Beschreibung
"Die Grenzen zwischen Fiktion und Historie vermischt gekonnt der Journalist Pierre Assouline, der intensiv über die Rothschild-Dynastie recherchiert hat. Feinfühlig und mit enormer erzählerischer Kraft entfaltet Assouline in Das Bildnis der Baronin das Porträt einer jüdischen Familie, die in alle großen Ereignisse ihrer Epoche verstrickt war ..." Alice Werner, börsenblatt
Autorenportrait
Pierre Assouline wurde 1953 in Casablanca geboren und lebt heute in Paris. Er war Chefredakteur der Kulturzeitschrift "Lire", schrieb viel beachtete Biographien und Essays und arbeitet gegenwärtig für "Le monde". Seine Romane "La Cliente" und "Double vie" waren Erfolge bei Kritik und Publikum. Für seinen Roman "Lutetias Geheimnisse", der in Deutschland 2006 bei Blessing erschien, erhielt er den Prix de la Maison de la Presse. Sein nachfolgender Roman "Das Bildnis der Baronin" - Originaltitel: Le portrait - war in Frankreich wochenlang auf der Bestsellerliste.
Leseprobe
Nichts tröstet, weil nichts ein Leben ersetzen kann. Selbst erzwungene Abschiede werden als Verlassenwerden erlebt. Dennoch quälen mich keine Schuldgefühle im Augenblick meines Todes. Trotz des Aufruhrs um mich herum bin ich friedlich und heiter gestimmt. Hinter den mühsam unterdrückten Tränen und dem immer noch zu lauten Geflüster erahne ich die tiefe Niedergeschlagenheit meiner Kinder und das stumme Unglück ihrer Kinder. Sie waren der einzige Grund für das letzte Aufflackern meiner Besorgnis. Die Zeit kann mir nun nichts mehr anhaben, weder mit ihrem Dahinplätschern noch mit ihren Erschütterungen. Ich bin sozusagen auf die einfachste Form zurückgeführt worden - bereit, mich vor meiner Nachkommenschaft mit Schmetterlingsflügeln zu präsentieren.

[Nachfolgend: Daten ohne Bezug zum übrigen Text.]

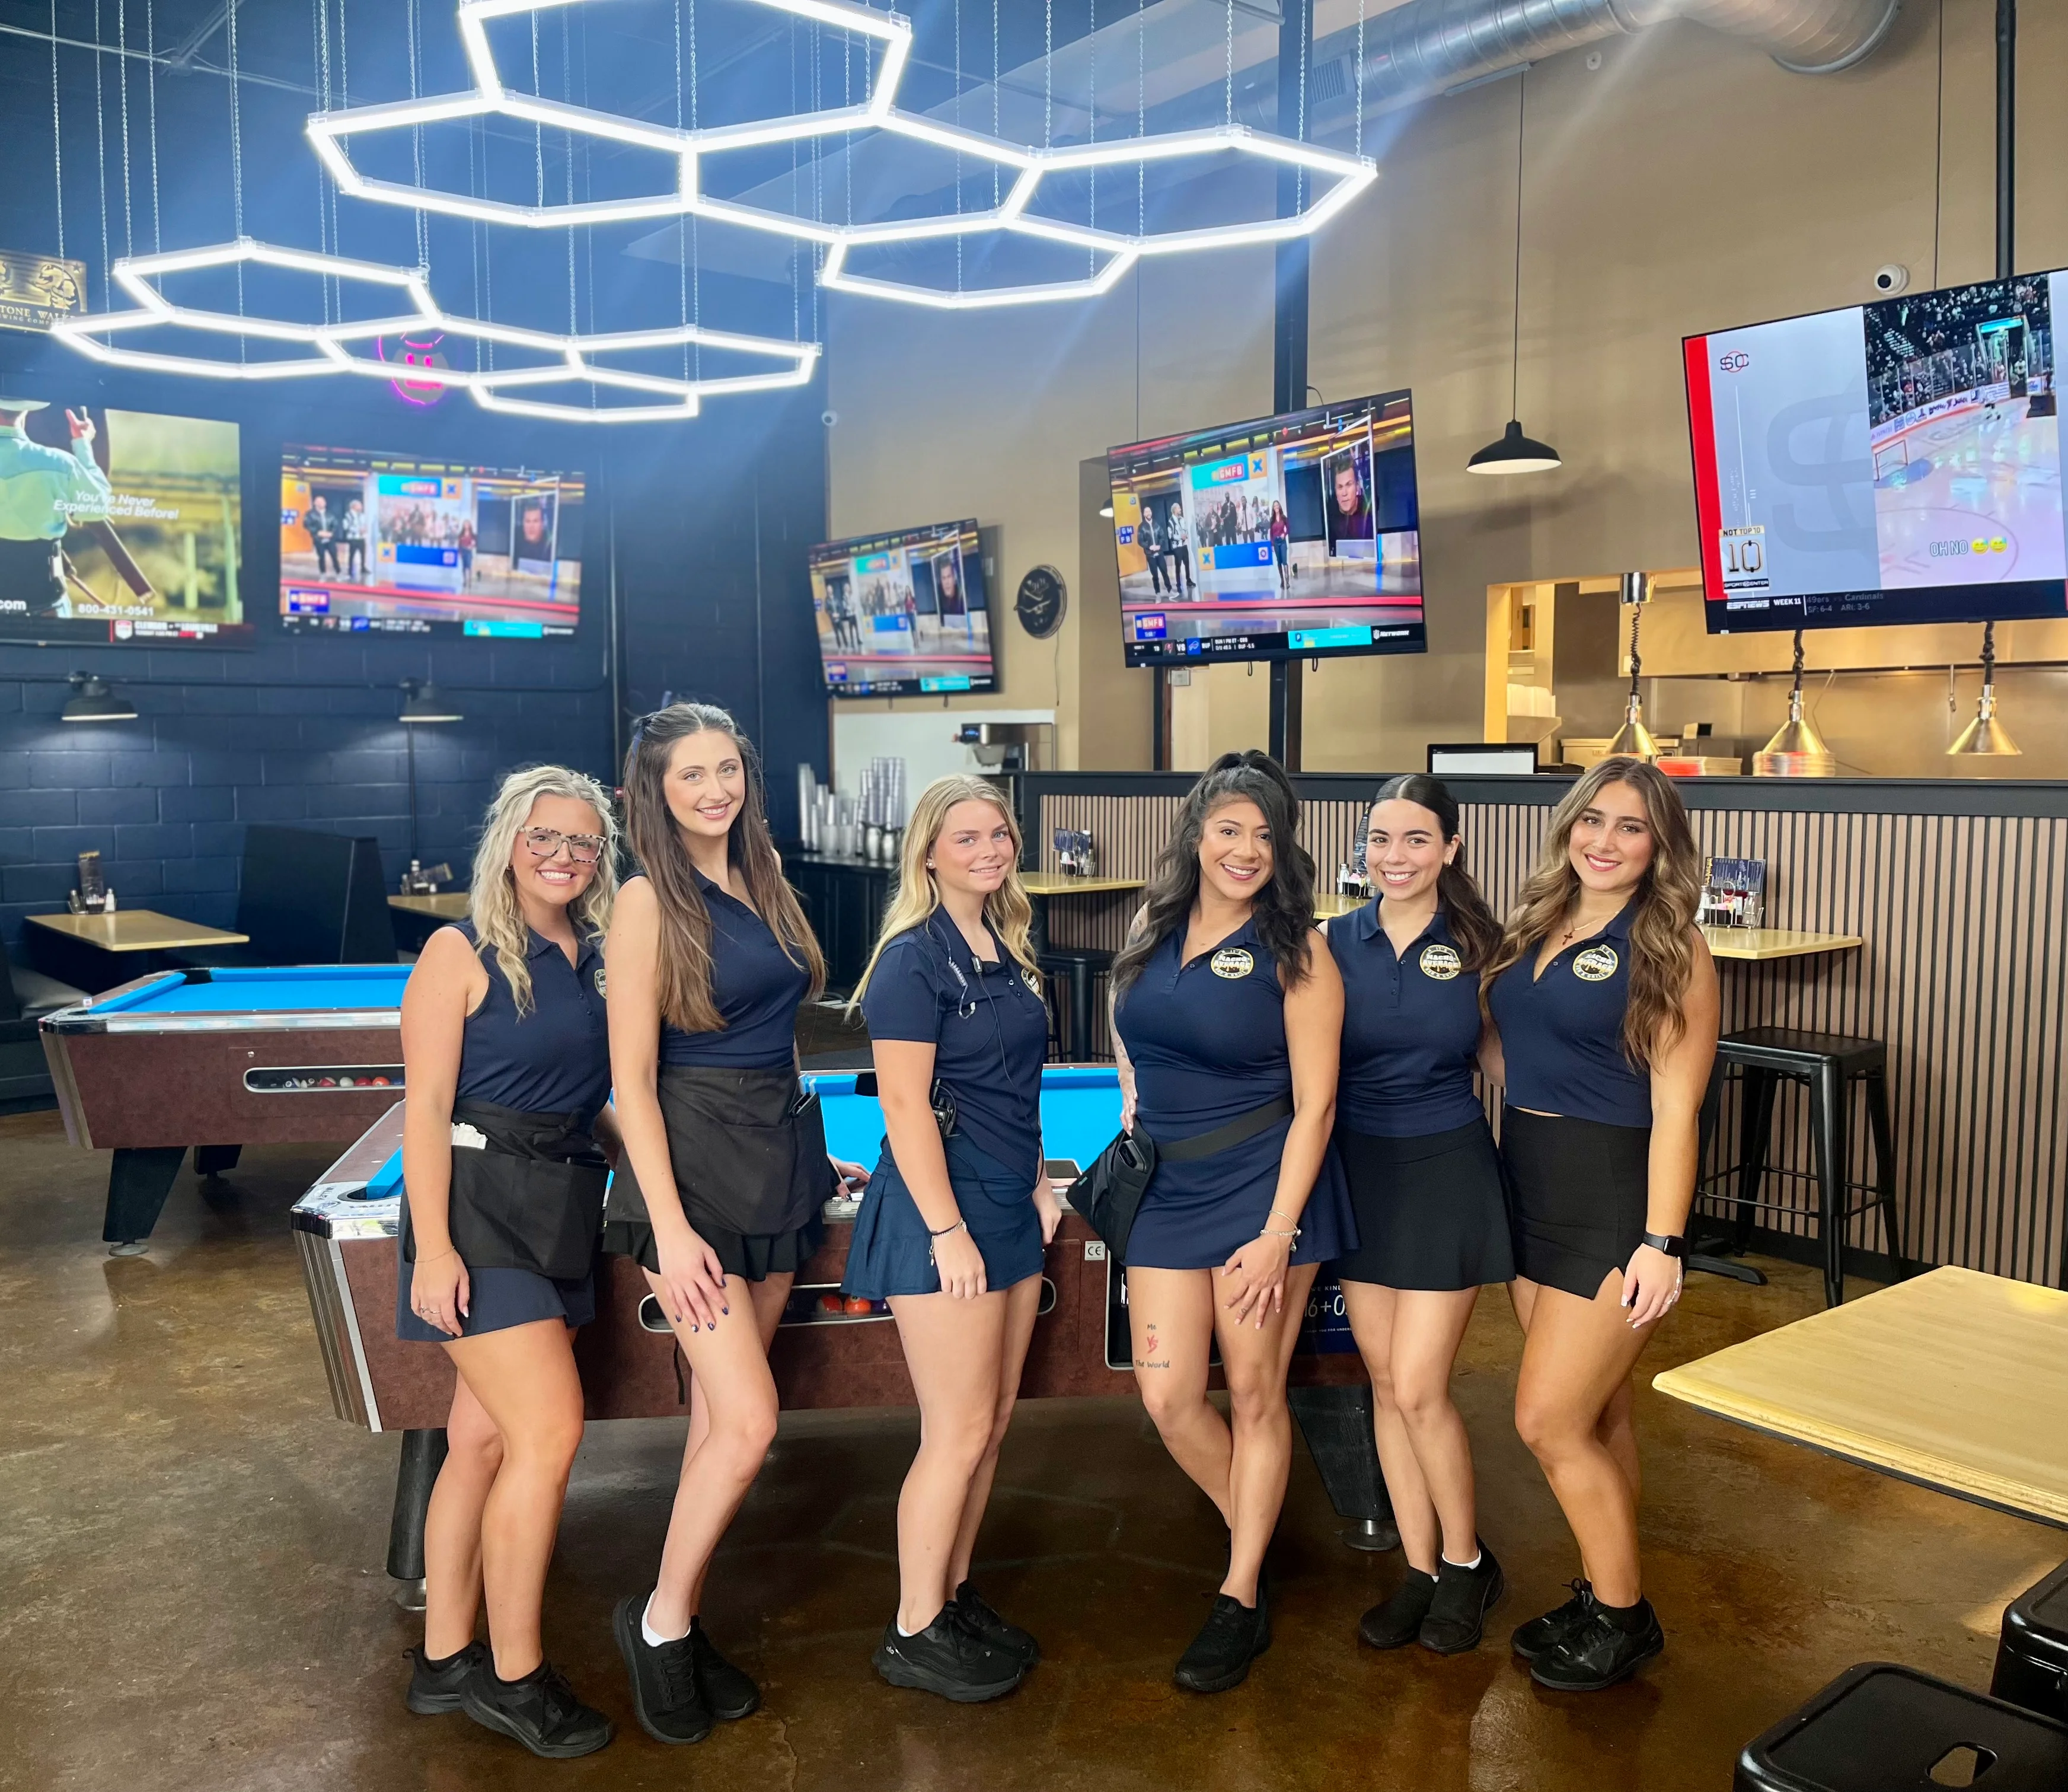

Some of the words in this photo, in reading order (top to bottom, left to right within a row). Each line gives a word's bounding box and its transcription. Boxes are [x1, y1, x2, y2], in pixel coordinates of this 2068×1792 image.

Vor wenigen Stunden erst haben sich meine Seele und mein Körper getrennt, um sich danach dort wiederzufinden, wo niemand sie suchen wird. Mittlerweile befinde ich mich in aller Erhabenheit an der Wand des großen Salons in unserem Haus in der Rue Laffitte 19 in Paris. Ich werde bald bei meinem Sohn Alphonse in der Rue Saint-Florentin leben, an der Ecke der Place de la Concorde, danach im Schloss Ferrieres, und später wird man mich für einige Jahre in die Verbannung nach Neuschwanstein schicken, auf eine Reise, der andere folgen werden, freudige und freiwillige in die schönsten Museen der Welt, bis meine Tage wieder einen friedlicheren Verlauf nehmen, auf der Île de la Cite, im Hotel Lambert.
Vielleicht entwickeln Seelen, die von Natur aus der Nostalgie zuneigen, eine besondere Fähigkeit zum Erinnern. In der Tat genügten an jedem der Orte, an denen ich verweilte, ein Detail oder eine Farbe, eine Silhouette oder ein Blick, ein Wort oder ein Duft, um die Vergangenheit heraufzubeschwören, um mir eine Geheimtür zu öffnen, die es mir erlaubte, wieder einmal durch das ungewisse und unerklärliche Wirken der Erinnerung in mein Innerstes einzutauchen. Ich liebe an der Gegenwart das geheime Band, das sie mit der Vergangenheit verbindet, und die Sanftheit, mit der sie uns in die verborgensten Winkel unseres Lebens zurückführt. Man empfängt, man feiert, man gibt weiter: Wenn darin der Sinn eines Lebens besteht, so bleibt danach nichts anderes mehr, als still fortzugehen.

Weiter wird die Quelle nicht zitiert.